After verifying that both PCT and HMGB1 induced mechanical allodynia, was evaluated the TLR4 and RAGE participation in this process. The TLR4 antagonist LPS-RS reduced PCT-induced mechanical allodynia on day 21 of neuropathic pain. This effect was found 1 and 3h (P < 0.001; F3,20 = 11.90) after 500 ng injection, as well as 3 and 5h (P < 0.001; F3,20 = 11.90) after 1μg injection (Figure 2C). Similarly to TLR4, the RAGE antagonist FPS-ZM1 reduced PCT-induced allodynia from 1h (P < 0.01; F4,24 = 16.66) to 3h (P < 0.05; F4,24 = 16.66) after 50 μg injection, while 100 μg injection alleviated the mechanical allodynia from 1h to 7h (P < 0.001, F4,24 = 16.66), and after 24h (P < 0.05, F4,24 = 16.66) compared to control animals (Figure 2D).

When TLR4 and RAGE participation in rHMGB1-induced allodynia was evaluated, we verified that the highest effective doses previously reported prevented mechanical allodynia in our PCT-induced neuropathic pain model. FPS-ZM1 (100 µg/5 µL) and LPS-RS (1 µg/5 µL) pretreatment reversed nociception from 1h to 7h (P < 0.001; F3,18 = 15.78 for FPS-ZM1), and after 1h, 3h (P < 0.001; F3,18 = 8.29 for LPS-RS), and 5h (P < 0.01; F3,18 = 8.29 for LPS-RS) of its injections, respectively (Figures 2E, F).
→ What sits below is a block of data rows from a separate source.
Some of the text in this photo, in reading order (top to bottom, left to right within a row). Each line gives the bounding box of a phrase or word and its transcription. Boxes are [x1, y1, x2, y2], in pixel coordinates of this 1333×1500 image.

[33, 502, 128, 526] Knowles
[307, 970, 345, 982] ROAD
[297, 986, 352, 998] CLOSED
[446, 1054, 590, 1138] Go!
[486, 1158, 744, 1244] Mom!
Additionally, an experiment with TLR4^-/- deficient mice was performed to reinforce TLR4 involvement in HMGB1-induced nociception. Figure 2G shows that rHMGB1-induced nociception (from 1h to 7h, P < 0.001; F3,18 = 12.30) was completely abolished in TLR4^-/- mice. When administered alone, neither the vehicle nor the substances changed the nociceptive threshold compared to baseline values (Supplementary Figure S1).
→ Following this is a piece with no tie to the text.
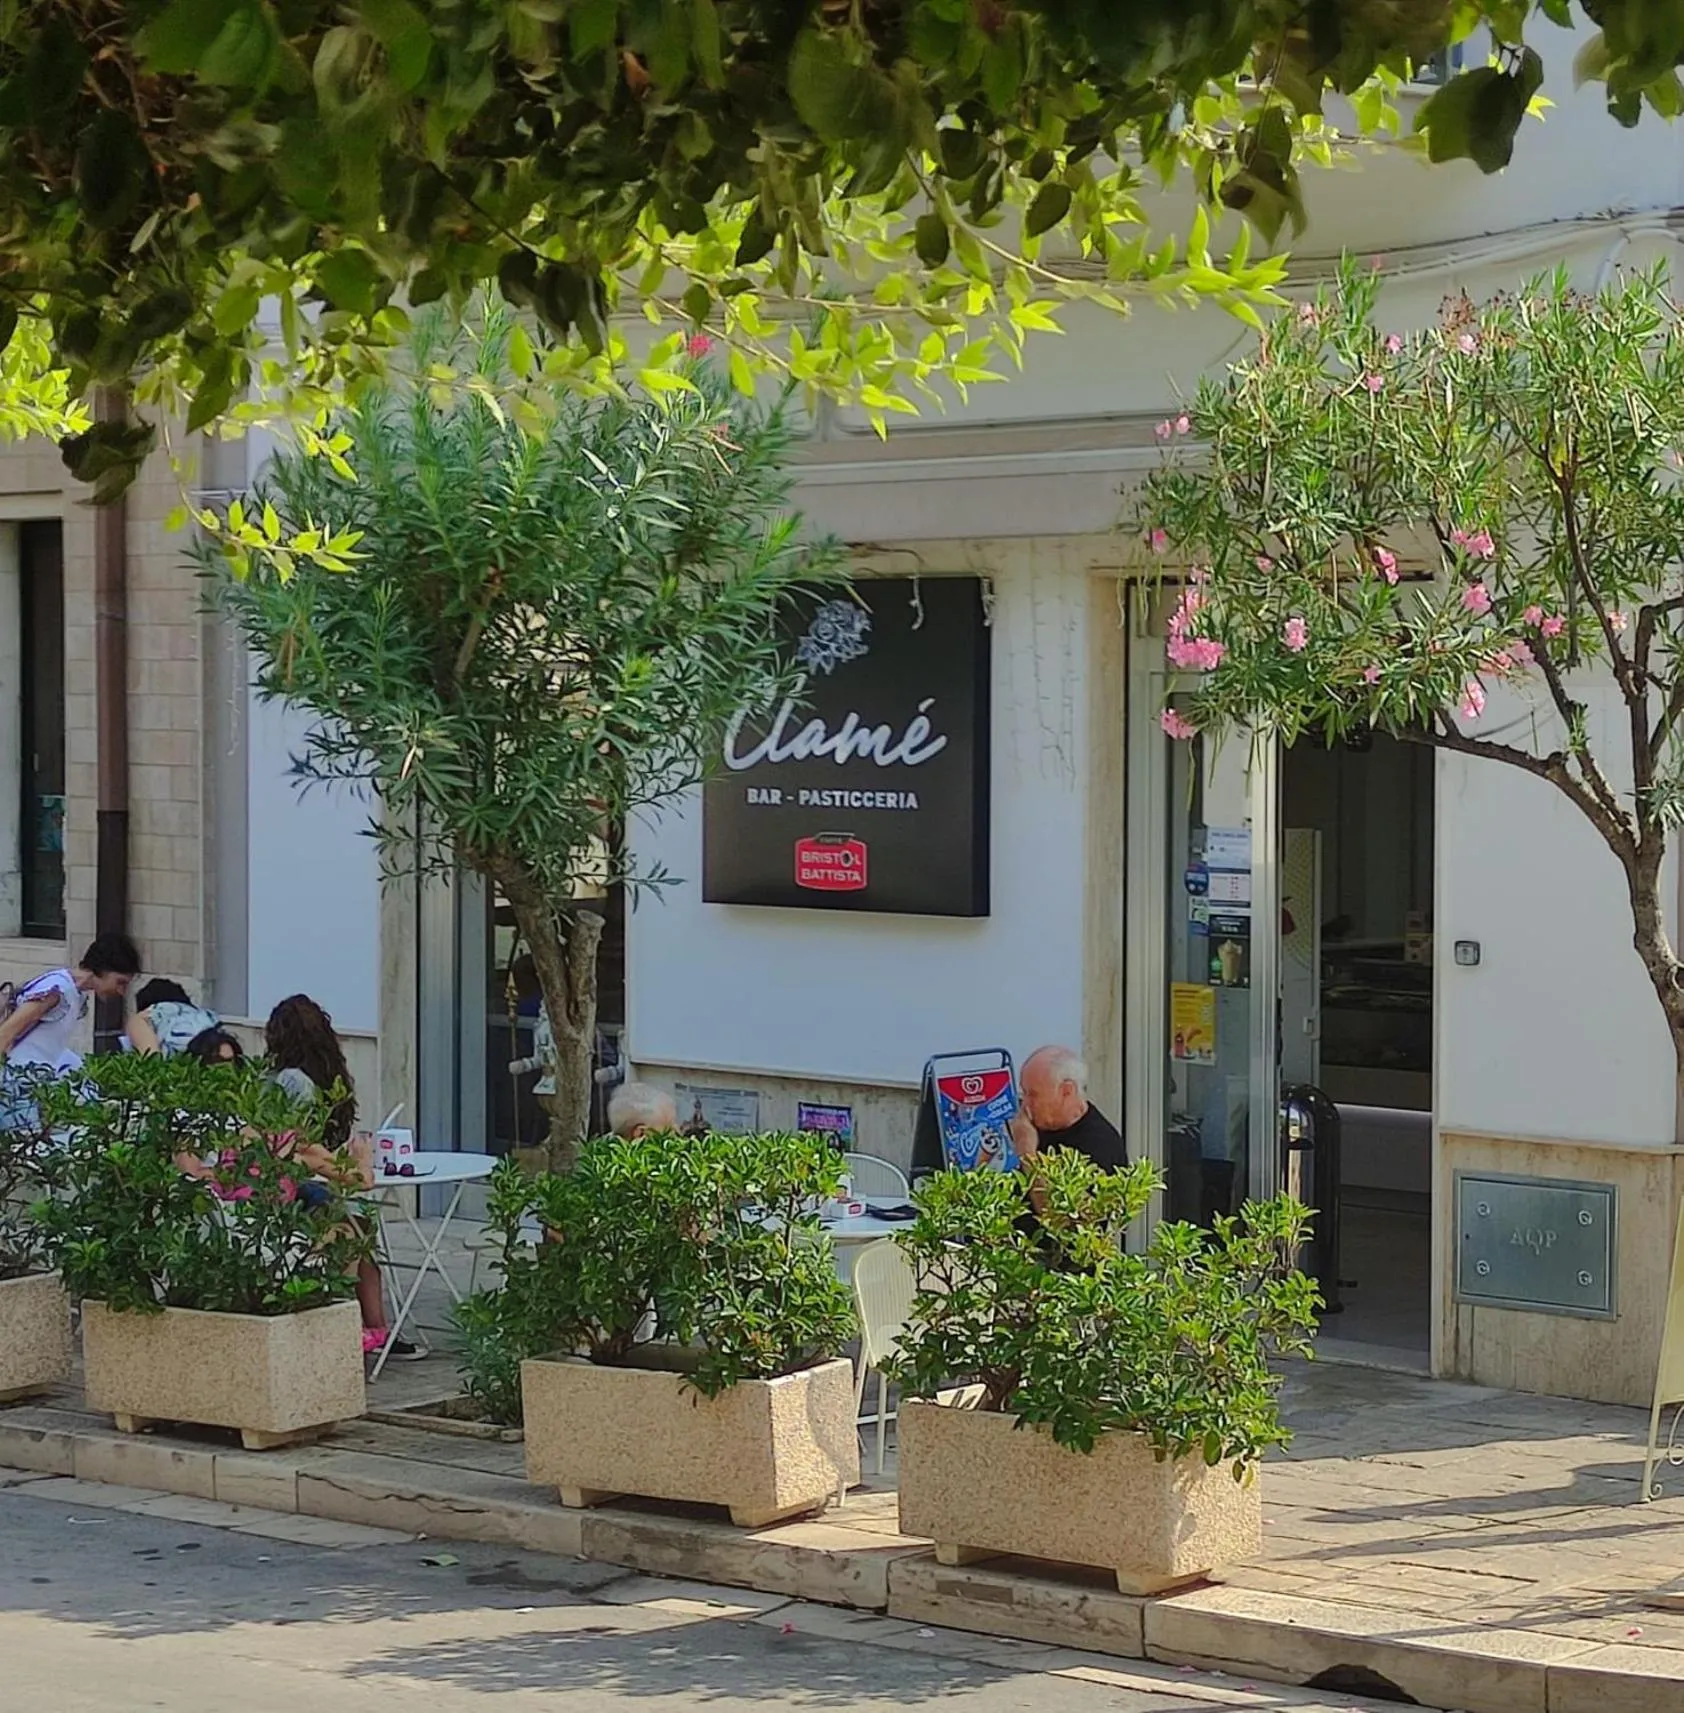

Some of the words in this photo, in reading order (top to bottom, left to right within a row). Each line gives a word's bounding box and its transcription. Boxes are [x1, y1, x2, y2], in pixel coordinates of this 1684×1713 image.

Thus, these results suggest that HMGB1 modulates nociception at the spinal level, and both RAGE and TLR4 participate in this process.

3.2 HMGB1 participates in PCT-induced neuropathic pain

According to previous evidence, DAMPs are release by death neurons and/or active immune cells after nerve injury, which could bind to receptors promoting inflammatory response and nociception (23, 24). Thus, we evaluated spinal HMGB1 protein levels 1, 7, 14 and 21 days after PCT treatment. Our results found increased protein levels for HMGB1 on the first day only (P < 0.05) (Figures 3A–D), suggesting that a single PCT treatment increases HMGB1 spinal release, which can interact with TLR4 and/or RAGE receptors, triggering intracellular cascades that contribute to pain development. Furthermore, HMGB1 spinal levels were similar in all groups (P > 0.05) on day 21 after PCT treatment (Figure 3E).

Figure 3

Figure 3 Spinal HMGB1 participates in the early stage of paclitaxel-induced neuropathic pain. Spinal HMGB1 protein levels were evaluated after 1, 7, 14 and 21 days of neuropathic pain (A–D). Furthermore, spinal HMGB1 levels were also assessed after 21 days (E). Data are expressed as the mean ± SEM of 4 per group animals for western blot assay and 6 animals per group for ELISA assay. *P < 0.05 indicates statistical difference compared to animals that received saline (Vehicle, VEH). Student’s t-test. PCT, paclitaxel); VEH.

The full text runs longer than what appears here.